One of the interesting questions/ surprises from conversations with customers (as per Jordan Frank): How are we going to apply six sigma to this? Though it strings one first as absurd to think about applying regimental continuous improvement, it is worth thinking about how a company could tune the implementation based on measurement of effectiveness. Jordan has been thinking about this lately, and blogged his thoughts on social process engineering yesterday.
It’s reassuring that vendors (at least these three, and I’m sure many more) are able to articulate the importance of deploying to customers who are ready and willing to work to make the implementation successful.
[exit vendors]
Sameer and Oliver continue a discussion of Getting Executives on Board. Without using the word “network,” they imply that it’s important to get people “outside the room” on board. That is, the E2.0 pitch might happen in a closed meeting to the decision-makers, but when they leave the room they’ll be calling colleagues to find out what they think. Understanding this informal network of influencers is important. (Of course, this applies to selling anything, not just E2.0)
Execution Planning includes requirements definition, mitigating risks, and addresses the issue of metrics.

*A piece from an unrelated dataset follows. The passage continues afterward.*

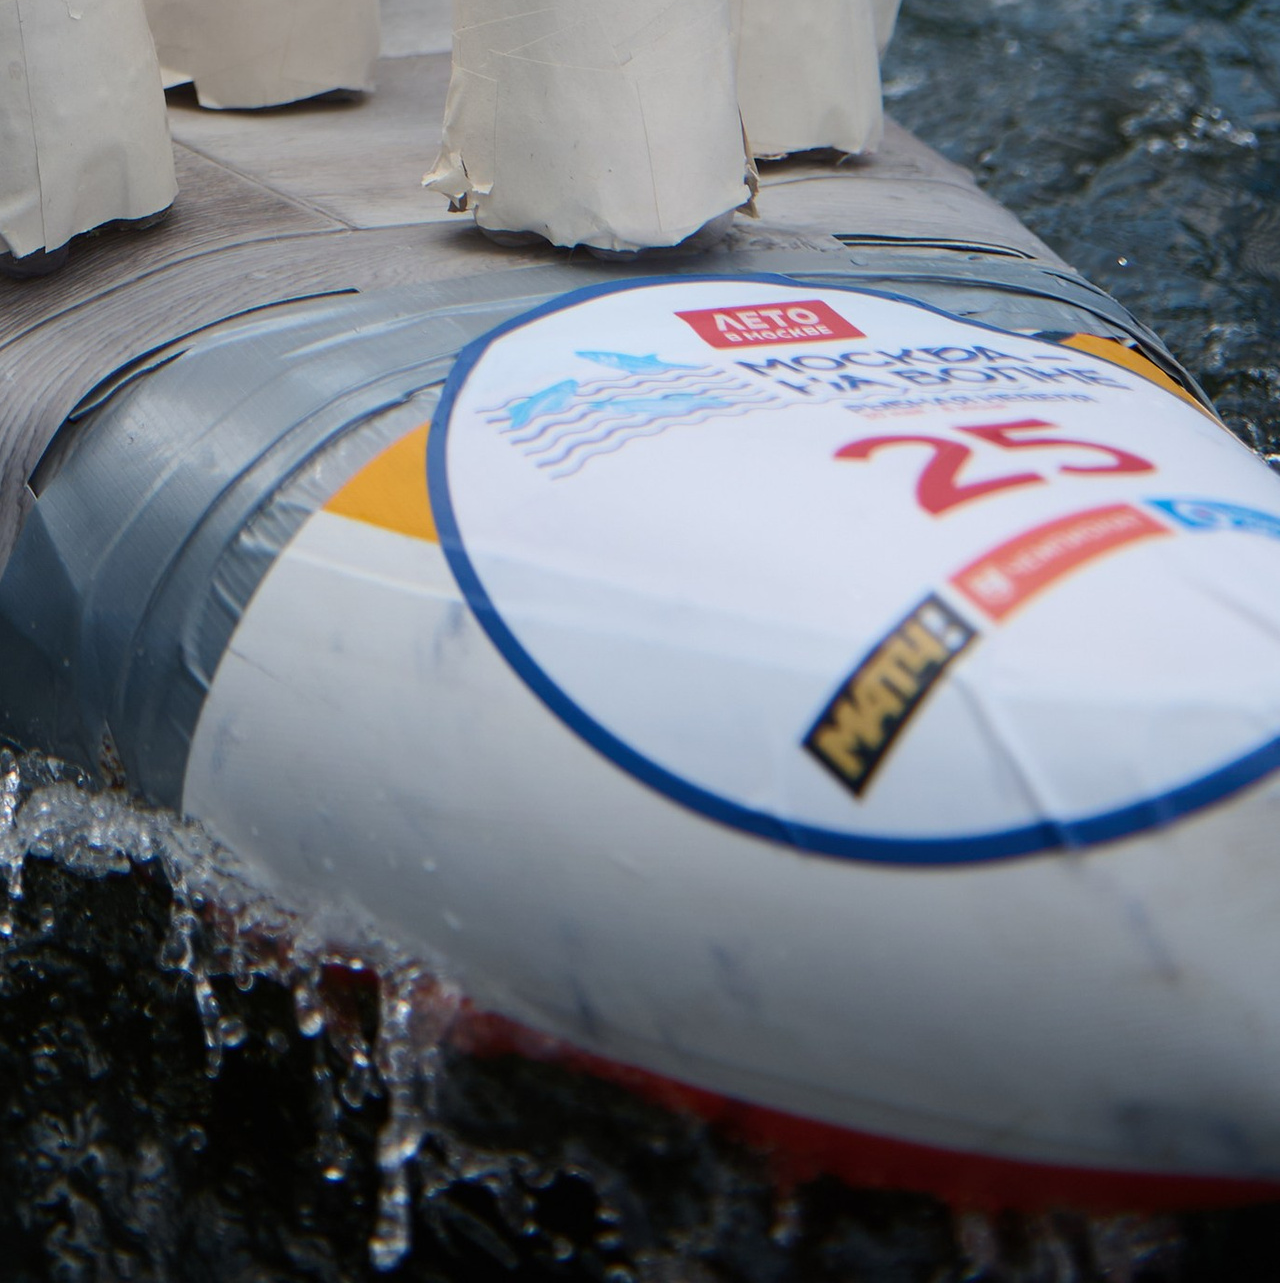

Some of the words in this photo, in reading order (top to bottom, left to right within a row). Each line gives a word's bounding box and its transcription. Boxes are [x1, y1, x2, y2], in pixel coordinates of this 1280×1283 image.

You have to establish metrics to gauge the success of the project — agree on metrics.
- Process performance. How well is a process executed today? What can we assume about what will be different?
- HR performance. Evaluating contributions of people as a gauge of “keepability” (my word)
- Communications performance. Teaching leaders to engage and communicate in new ways.
Launching the new environment is the topic of Bevin Hernandez of Penn State on the culture shift from “Me to We,” understands throing that every organization has (great phrase:) “a thousand points of ‘no’.” Her case study works through the steps from creating a core team, enrolling champions, launching a print media campaign with catchy postcards and getting started guides and thumb drives, putting the exec on YouTube, etc.
In transitioning the intranet, the Penn State outreach group re-branded their intranet portal from ”my.outreach” to “our.outreach.” A great example of using language to start to make a shift. She had more to say about language, but I’ll save that for tomorrow - she’s one of the morning keynoters.
Beyond launch is driving usage, always, and relentlessly. Social media isn’t going anywhere.
Good stuff, Patti. One thing that strikes me in Jordan’s comment (“Most companies have systems that are designed to work when everything go right.”) is the connection to the massive ERP systems that don’t actually provide any benefit. Sig Rinde uses the phrase “barely repeatable processes” for the kind of work that people do which need to be supported by can’t be shoehorned into the typical process-based systems.